Transcribe every entry that follows, word for word, and omit the images.

* _Listed entries_

=== Section Start ===

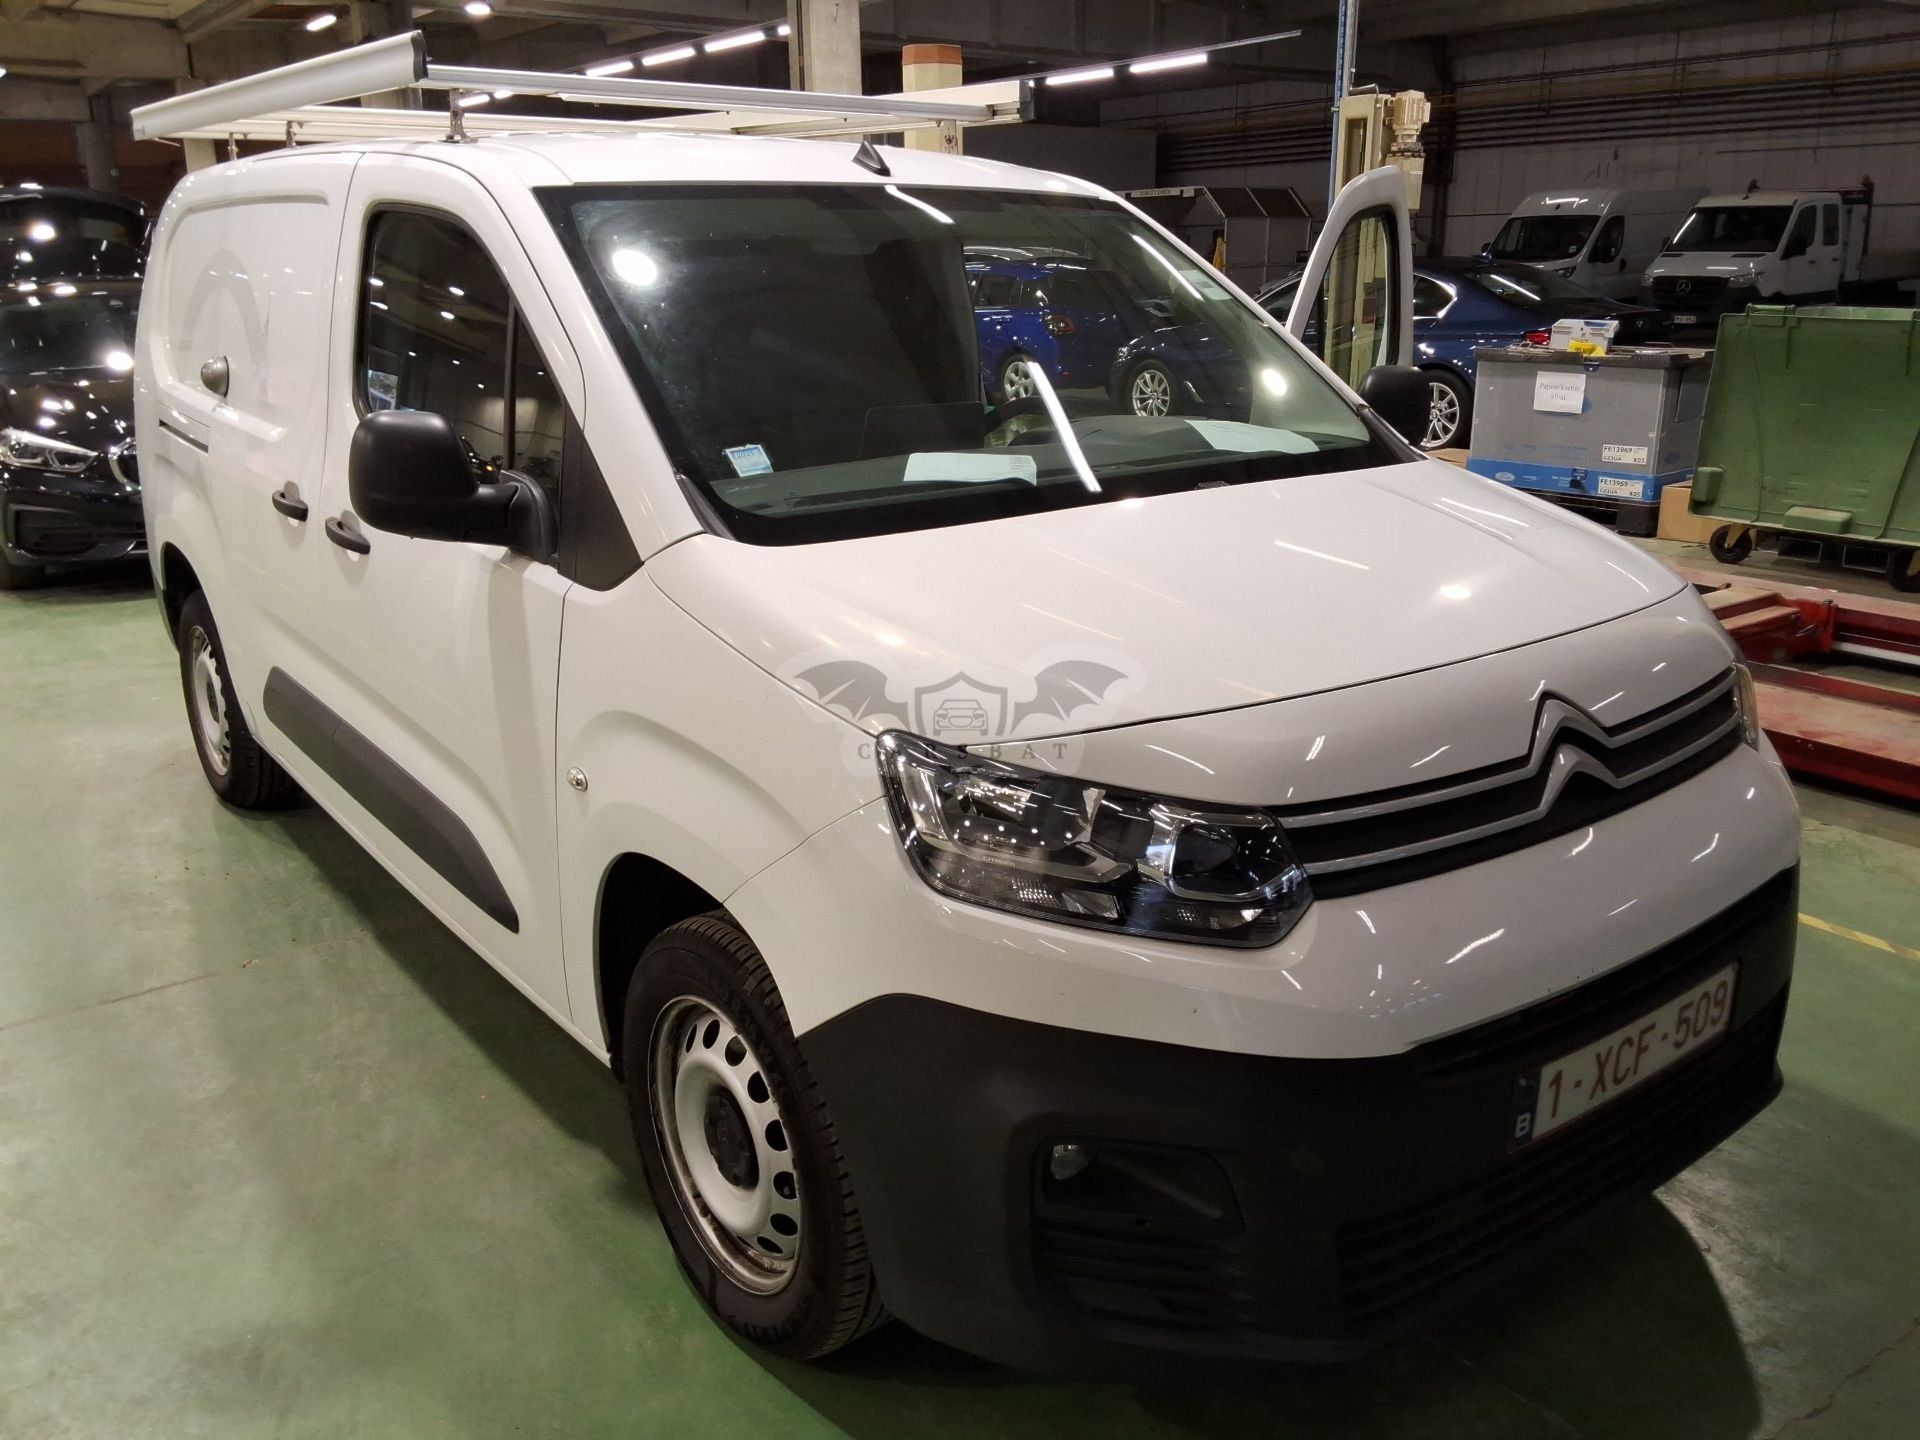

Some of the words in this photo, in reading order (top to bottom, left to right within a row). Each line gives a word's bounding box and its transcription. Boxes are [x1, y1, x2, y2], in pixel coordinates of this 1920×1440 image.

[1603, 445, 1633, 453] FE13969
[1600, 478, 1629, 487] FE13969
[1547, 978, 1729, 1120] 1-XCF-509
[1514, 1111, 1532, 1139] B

=== Section End ===

* _Result_
Some of the words in this photo, in reading order (top to bottom, left to right within a row). Each line gives a word's bounding box and its transcription. Boxes are [x1, y1, x2, y2], in pixel coordinates of this 1920×1440 image.

[1603, 445, 1633, 453] FE13969
[1600, 478, 1629, 487] FE13969
[1547, 978, 1729, 1120] 1-XCF-509
[1514, 1111, 1532, 1139] B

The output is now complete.